▸ WHAT THE TASK ASKS
Keep the wording of every entry intact in your copy, and omit the pictures.
= = = =
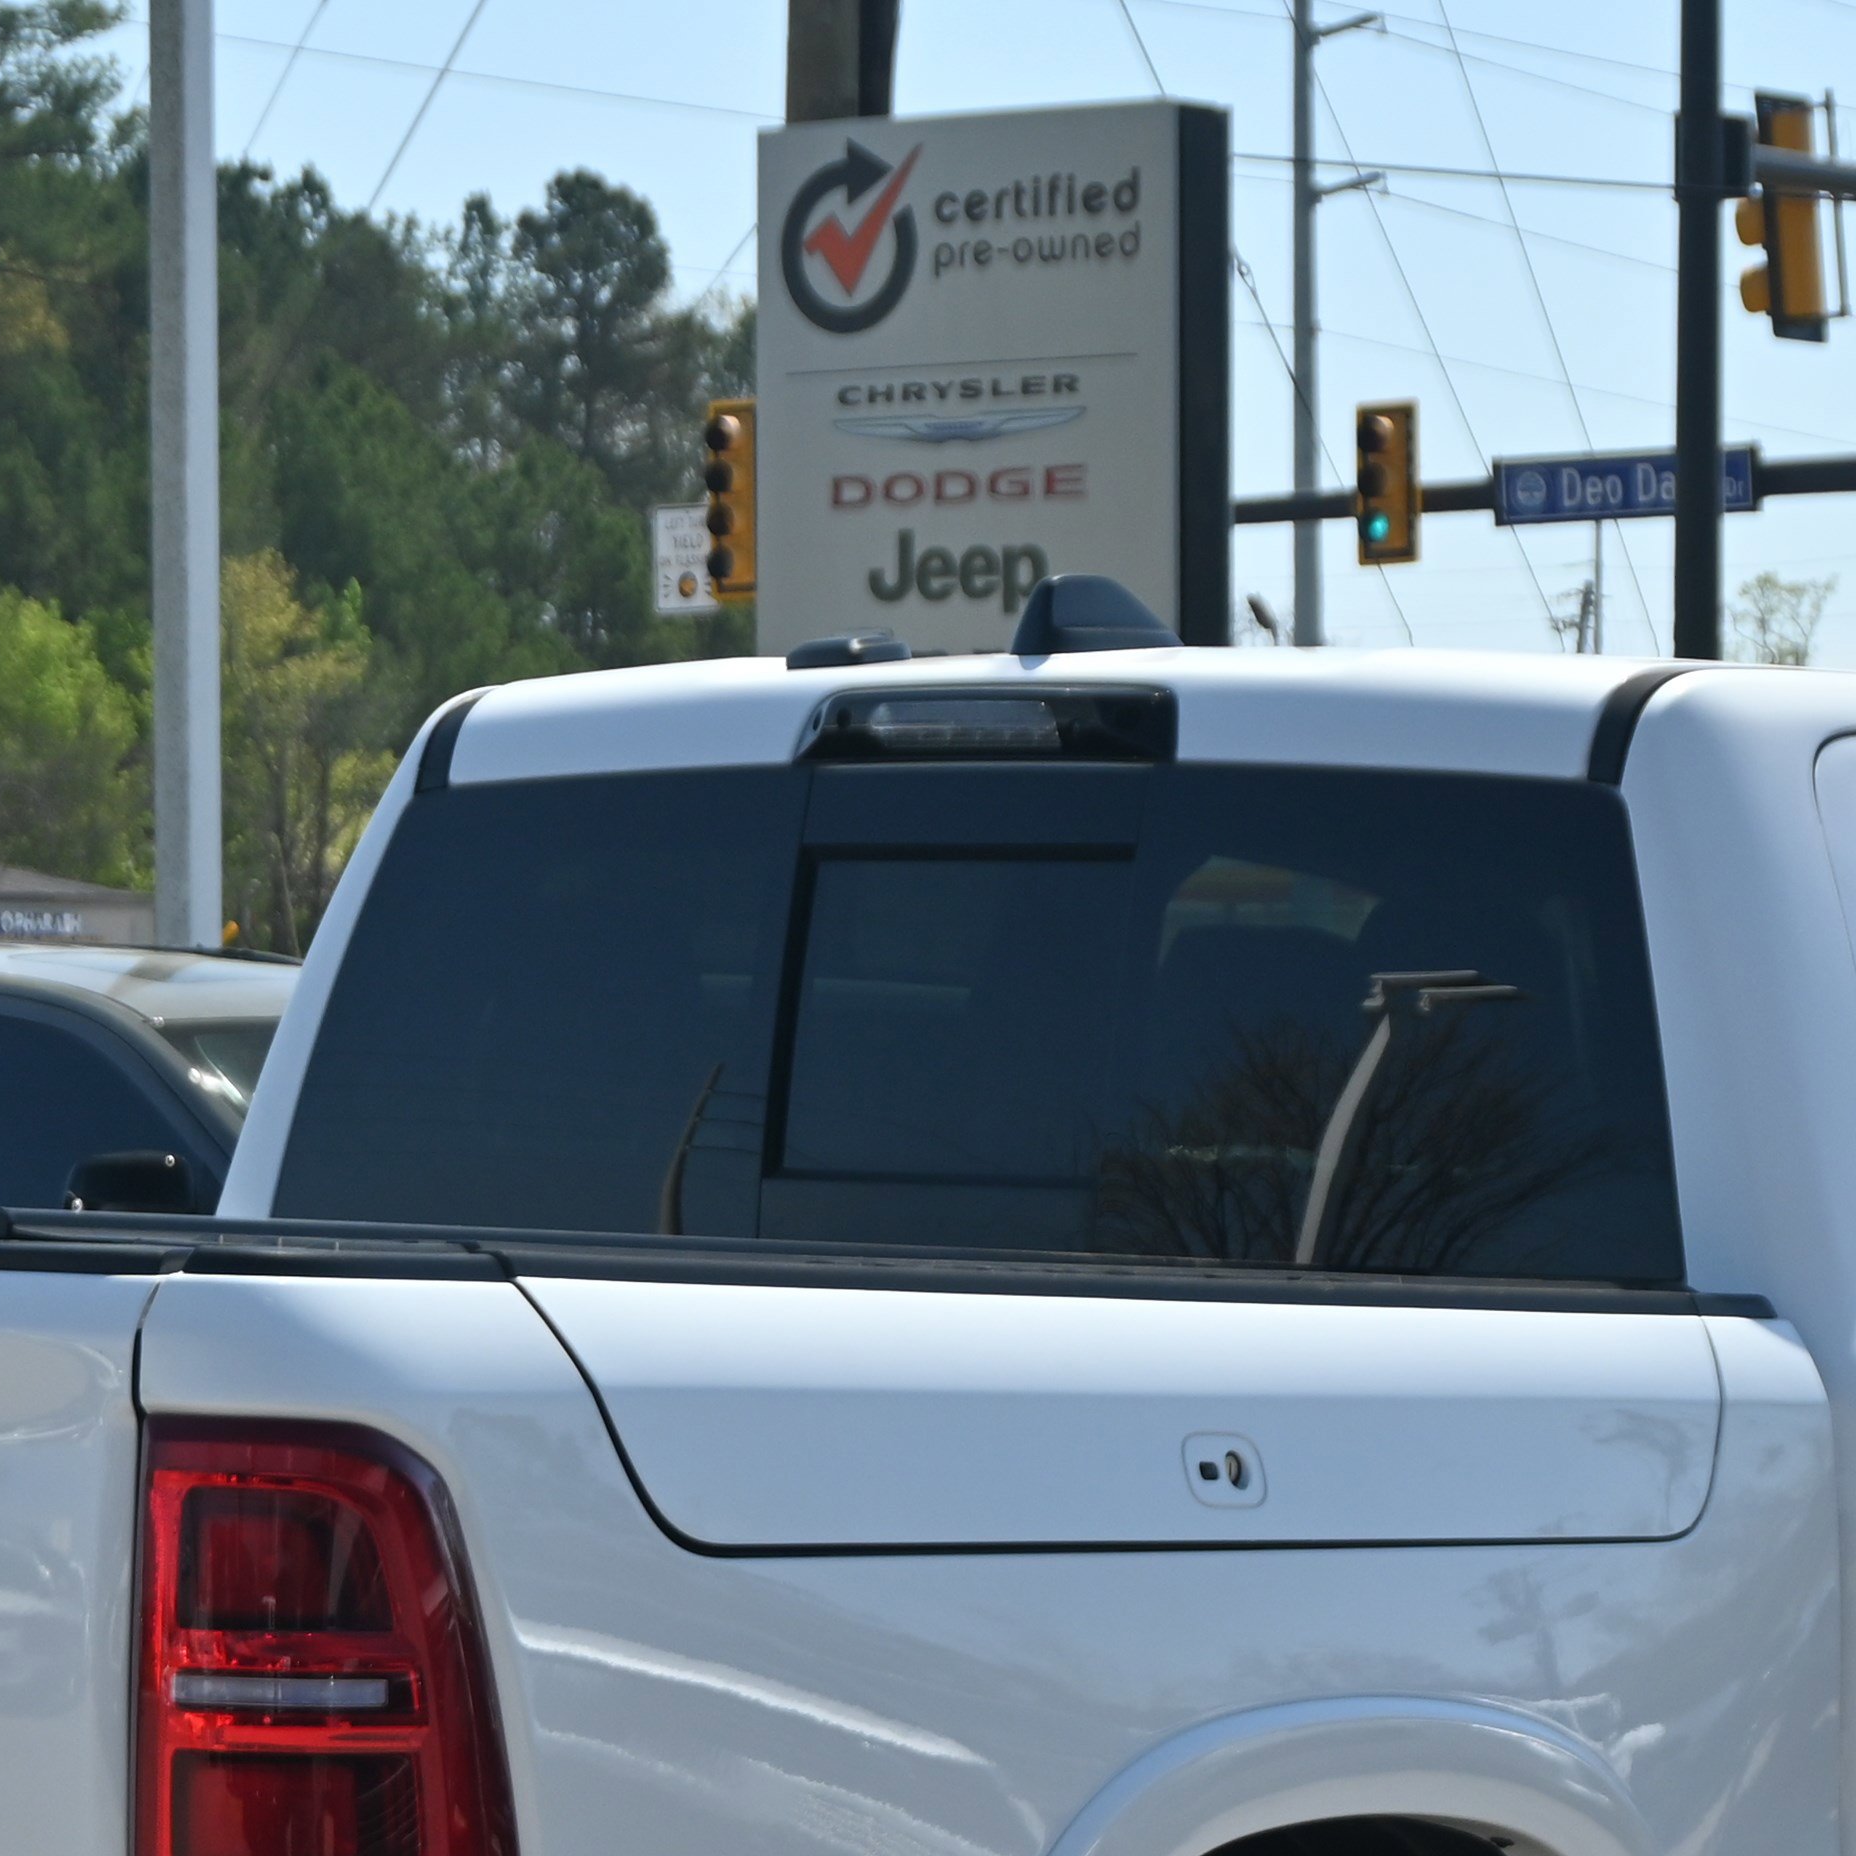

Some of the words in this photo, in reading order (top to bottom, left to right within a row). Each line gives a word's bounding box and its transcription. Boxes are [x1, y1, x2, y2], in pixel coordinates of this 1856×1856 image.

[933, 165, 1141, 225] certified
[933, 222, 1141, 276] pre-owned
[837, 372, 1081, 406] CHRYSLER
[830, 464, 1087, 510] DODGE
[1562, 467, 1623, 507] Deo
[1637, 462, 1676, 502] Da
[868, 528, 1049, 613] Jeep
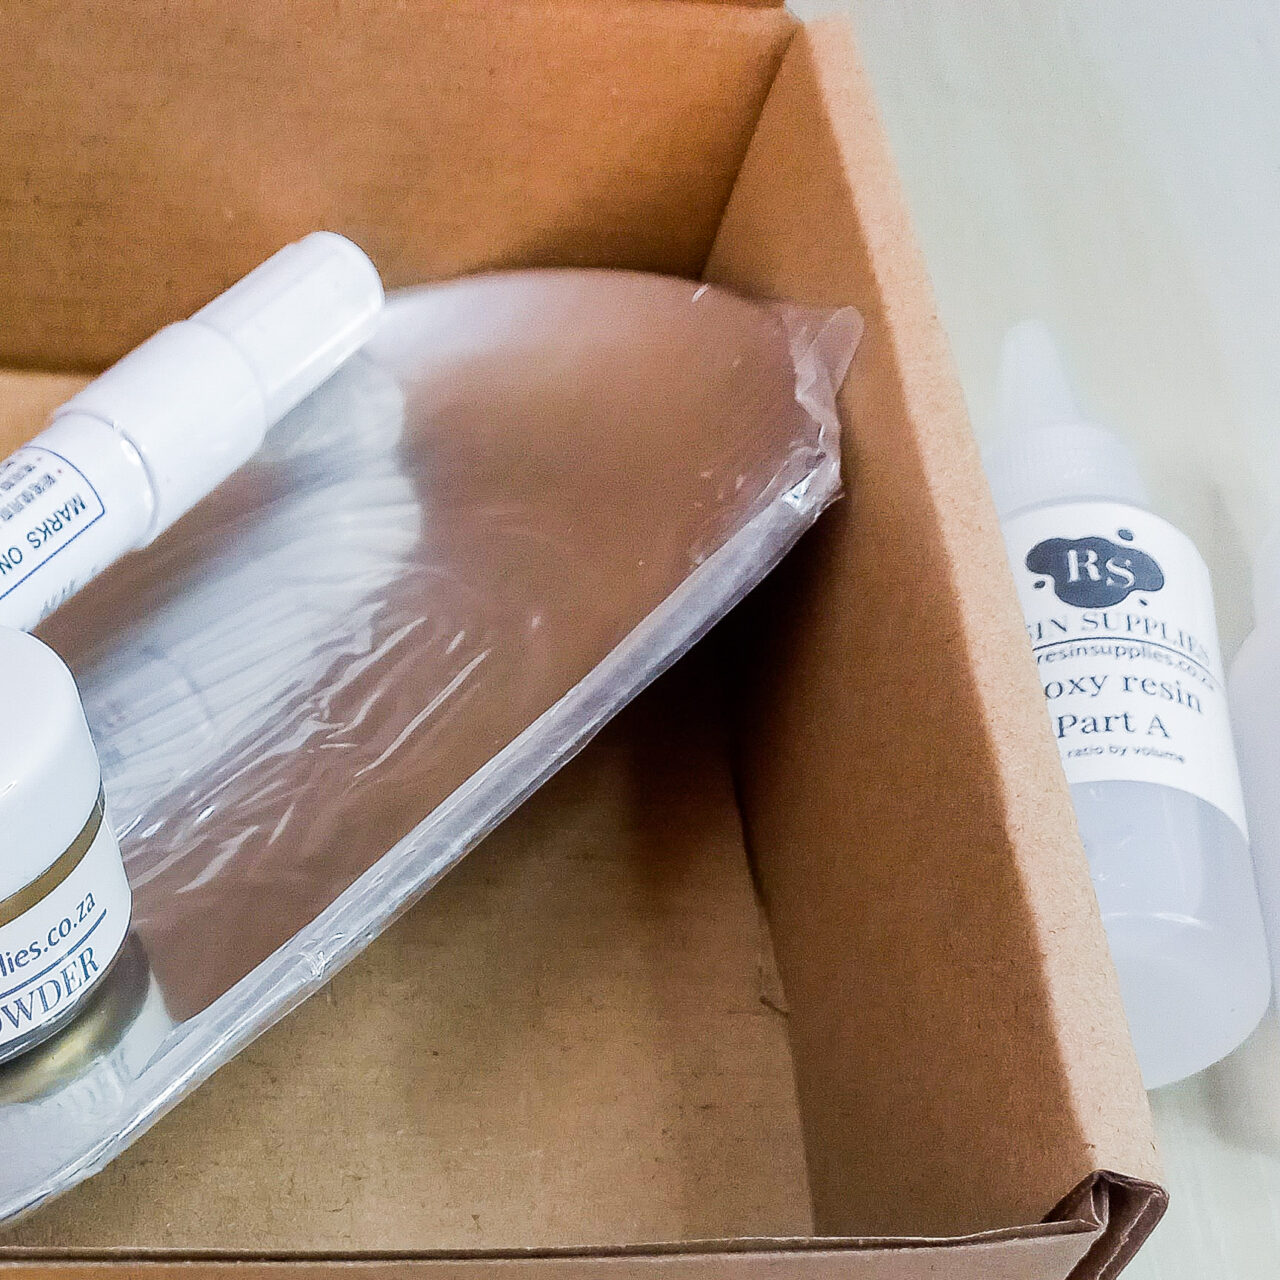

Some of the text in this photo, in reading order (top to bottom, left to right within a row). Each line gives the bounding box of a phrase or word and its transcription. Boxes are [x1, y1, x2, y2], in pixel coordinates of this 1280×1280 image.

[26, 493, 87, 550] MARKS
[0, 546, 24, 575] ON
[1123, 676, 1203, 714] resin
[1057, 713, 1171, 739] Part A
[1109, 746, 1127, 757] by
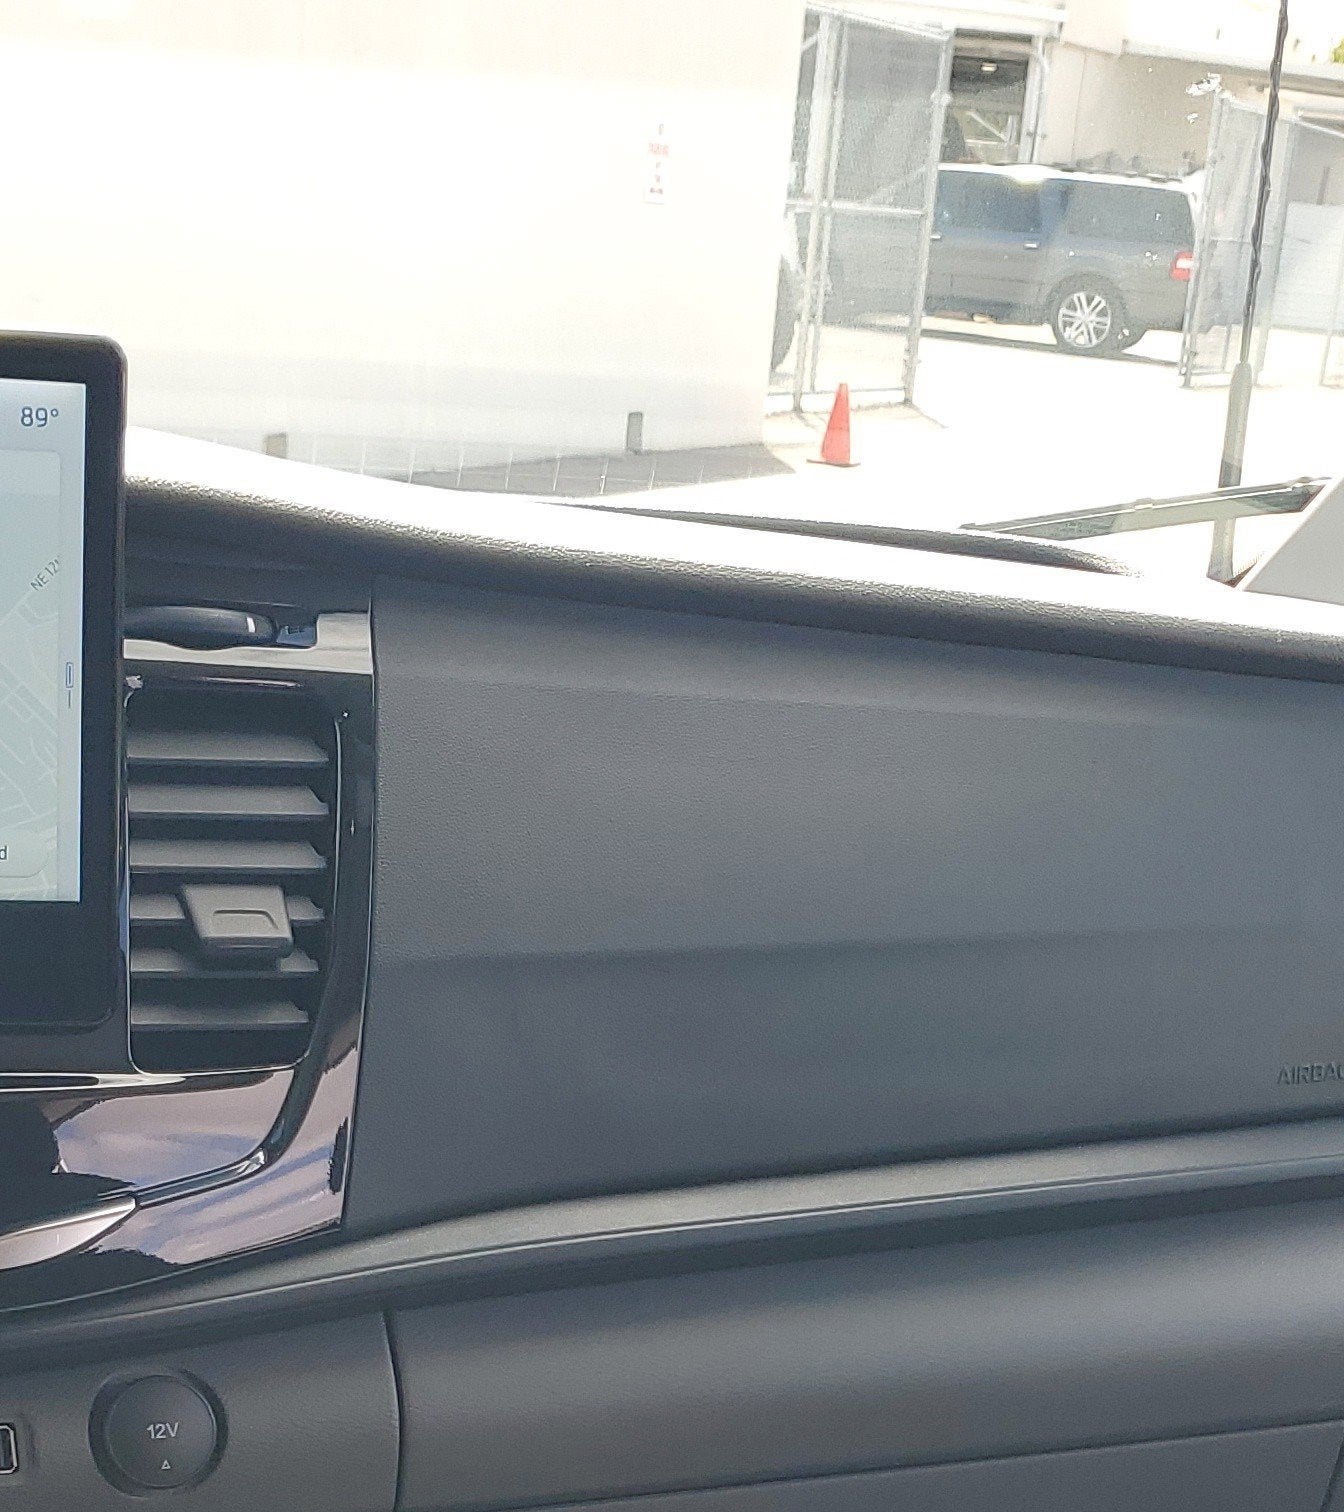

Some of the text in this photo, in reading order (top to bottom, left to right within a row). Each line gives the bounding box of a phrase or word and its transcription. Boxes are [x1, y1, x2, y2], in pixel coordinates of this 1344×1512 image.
= = = =
▸ WRITTEN RESPONSE
Some of the words in this photo, in reading order (top to bottom, left to right within a row). Each line gives a word's bounding box and its transcription. Boxes are [x1, y1, x2, y2], in pixel coordinates of this 1856×1856 image.

[933, 165, 1141, 225] certified
[933, 222, 1141, 276] pre-owned
[837, 372, 1081, 406] CHRYSLER
[830, 464, 1087, 510] DODGE
[1562, 467, 1623, 507] Deo
[1637, 462, 1676, 502] Da
[868, 528, 1049, 613] Jeep

Some of the text in this photo, in reading order (top to bottom, left to right within a row). Each line gives the bounding box of a phrase or word and its transcription. Boxes are [x1, y1, x2, y2], in pixel coordinates of this 1280×1280 image.

[26, 493, 87, 550] MARKS
[0, 546, 24, 575] ON
[1123, 676, 1203, 714] resin
[1057, 713, 1171, 739] Part A
[1109, 746, 1127, 757] by

Some of the text in this photo, in reading order (top to bottom, left to right within a row). Each line gives the bounding box of a phrase or word and its transcription. Boxes are [x1, y1, x2, y2], in pixel coordinates of this 1344×1512 image.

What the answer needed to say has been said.